Add security tests for indirect module access via pandas

Author: jaepil

tests/expressions/test_interpreter_security.py

@@ -13,6 +13,16 @@
 )
 
 
+def _has_module(module_name: str) -> bool:
+    code = f"""
+    {module_name}.is_available()
+    """
+    parser = ExpressionsParser()
+    interpreter = ExpressionsInterpreter()
+    tree = parser.parse(code)
+    return interpreter.execute(tree)
+
+
 def test_security_checks():
     """Test comprehensive security checks in the interpreter.
 
@@ -135,6 +145,30 @@ def test_forbidden_module_access():
         interpreter.execute(tree)
 
 
+@pytest.mark.skipif(not _has_module("pd"), reason="Pandas is not available")
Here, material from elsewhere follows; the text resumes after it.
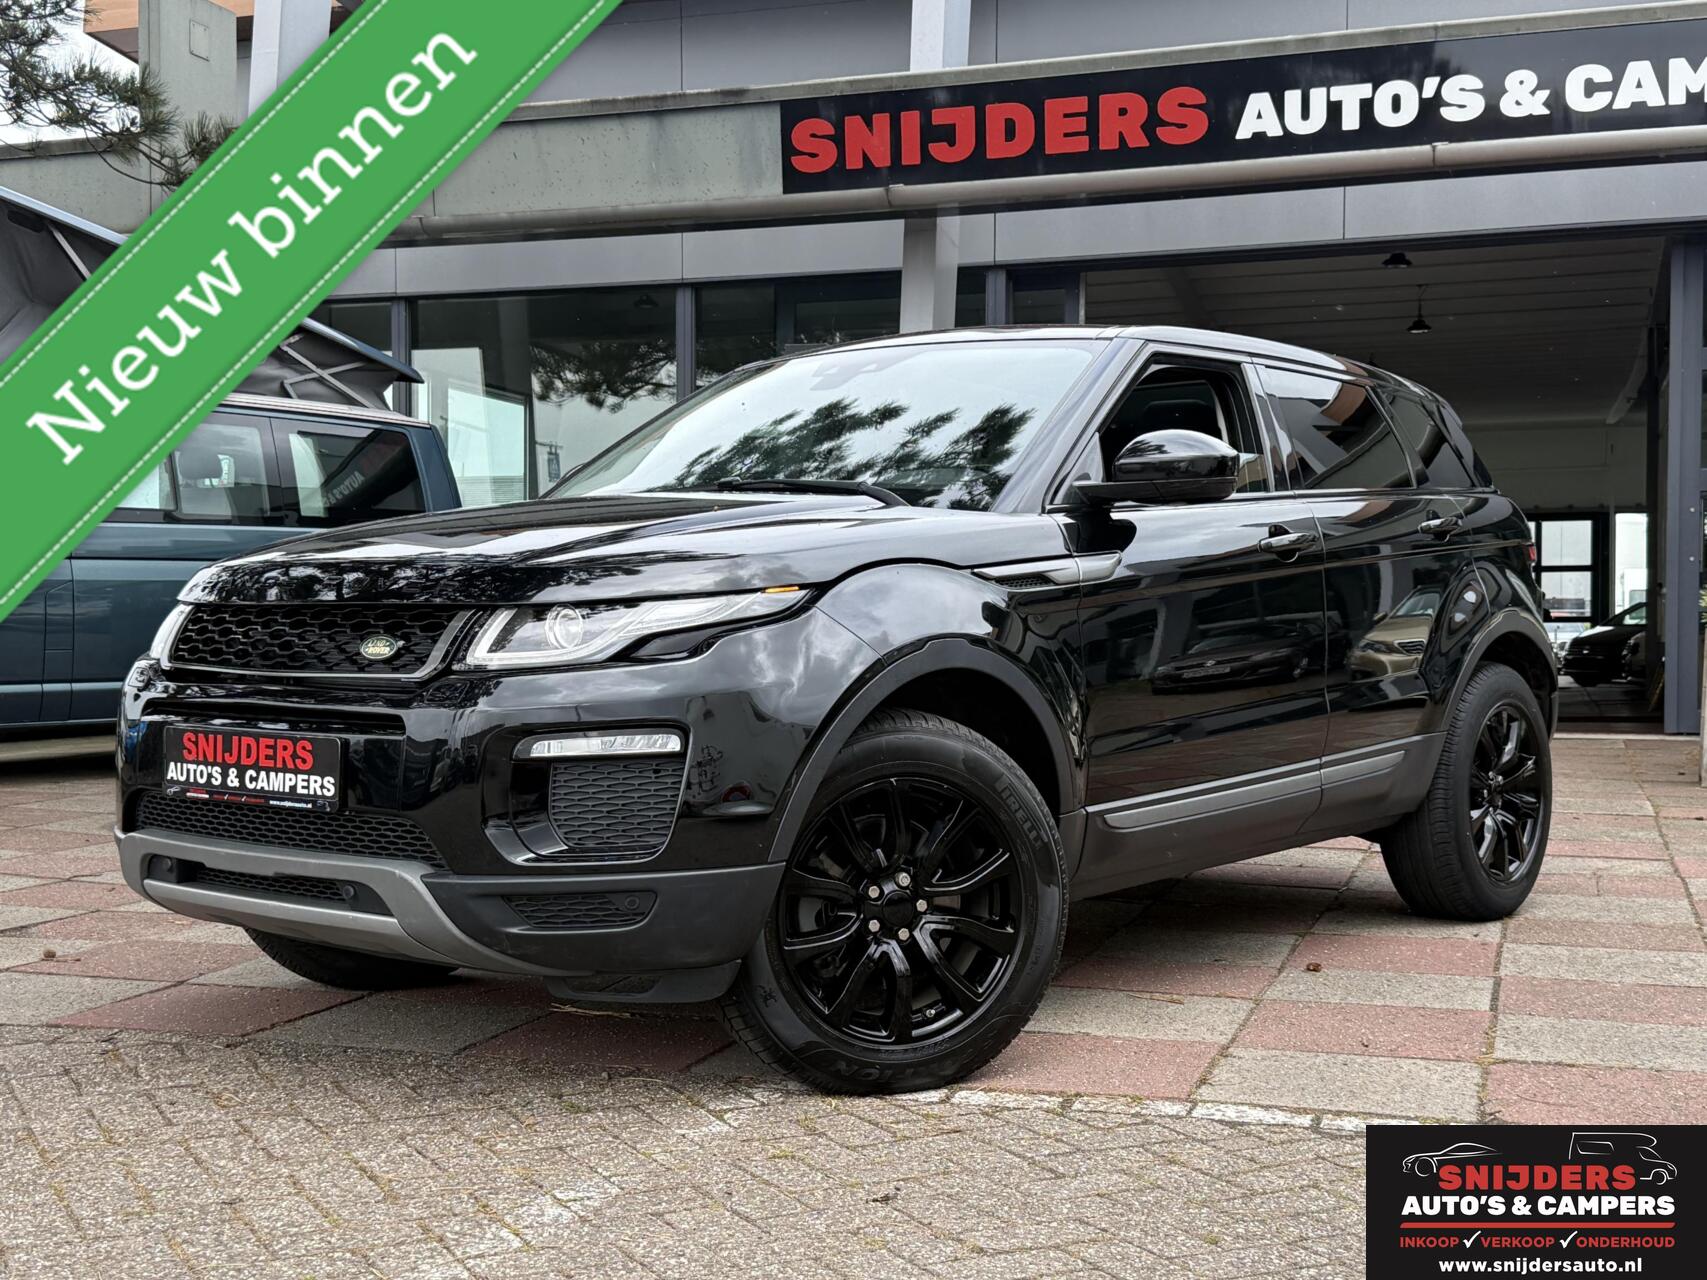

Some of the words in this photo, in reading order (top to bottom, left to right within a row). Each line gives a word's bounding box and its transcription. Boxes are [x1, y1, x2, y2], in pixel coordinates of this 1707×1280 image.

+def test_forbidden_module_indirect_access():
+    """Test forbidden module access in indirect ways.
+
+    Tests:
+    1. Access to pickle via pandas
+    2. Access to io via pandas
+    """
+    parser = ExpressionsParser()
+    interpreter = ExpressionsInterpreter()
+
+    # Test pickle access via pandas
+    with pytest.raises(
+        SecurityError, match="Access to 'pickle' is not allowed"
+    ):
+        tree = parser.parse("pd.io.pickle.pickle.codecs")
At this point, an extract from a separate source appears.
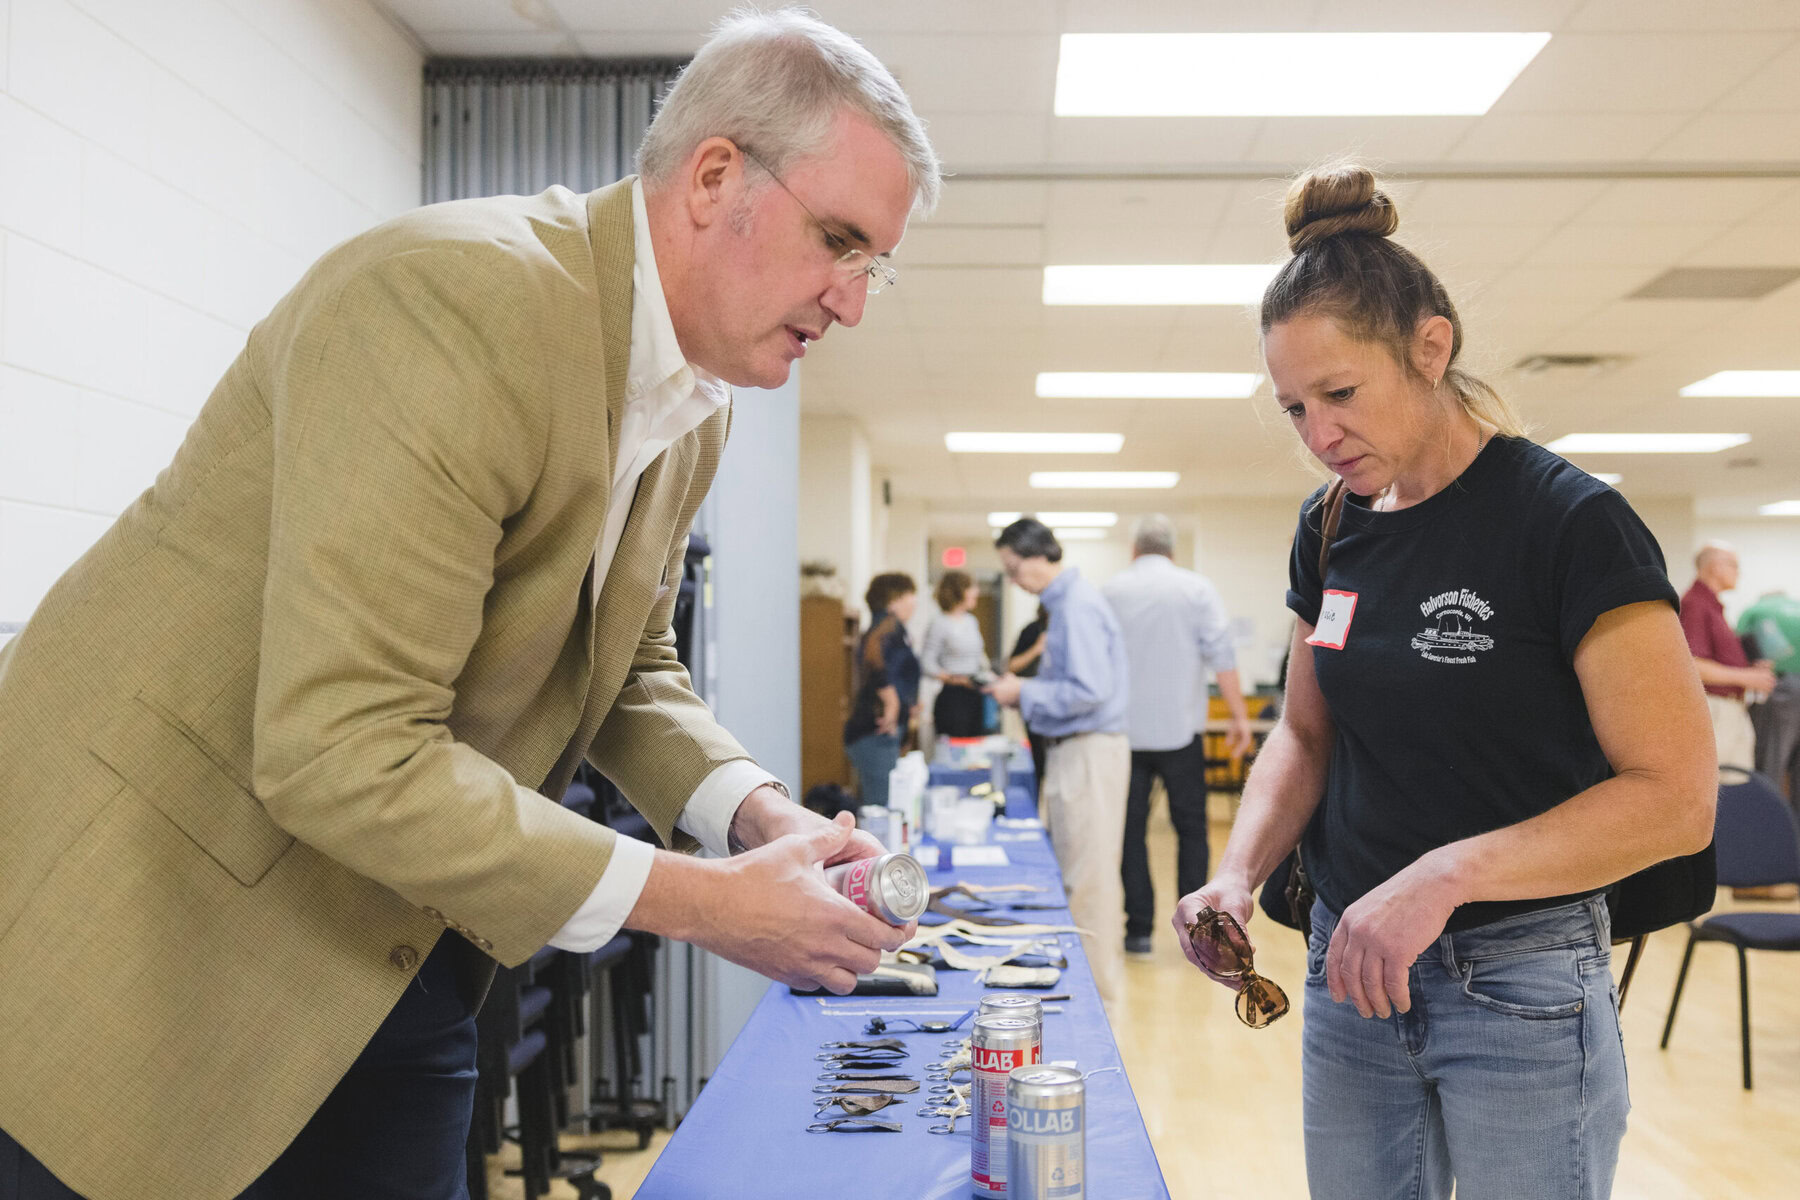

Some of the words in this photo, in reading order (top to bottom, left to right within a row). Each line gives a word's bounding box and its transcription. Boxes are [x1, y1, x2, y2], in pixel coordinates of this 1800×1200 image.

[1420, 591, 1459, 617] Halvorson
[1458, 588, 1494, 621] Fisheries
[1467, 655, 1476, 663] Fish
[971, 1047, 1014, 1071] LLAB
+        interpreter.execute(tree)
+
+    # Test pickle access via pandas
+    with pytest.raises(SecurityError, match="Access to 'io' is not allowed"):
+        tree = parser.parse("pd.io.pickle.pc.io.abc")
+        interpreter.execute(tree)
+
+
 def test_forbidden_builtins_access():
     """Test forbidden builtins access in more detail.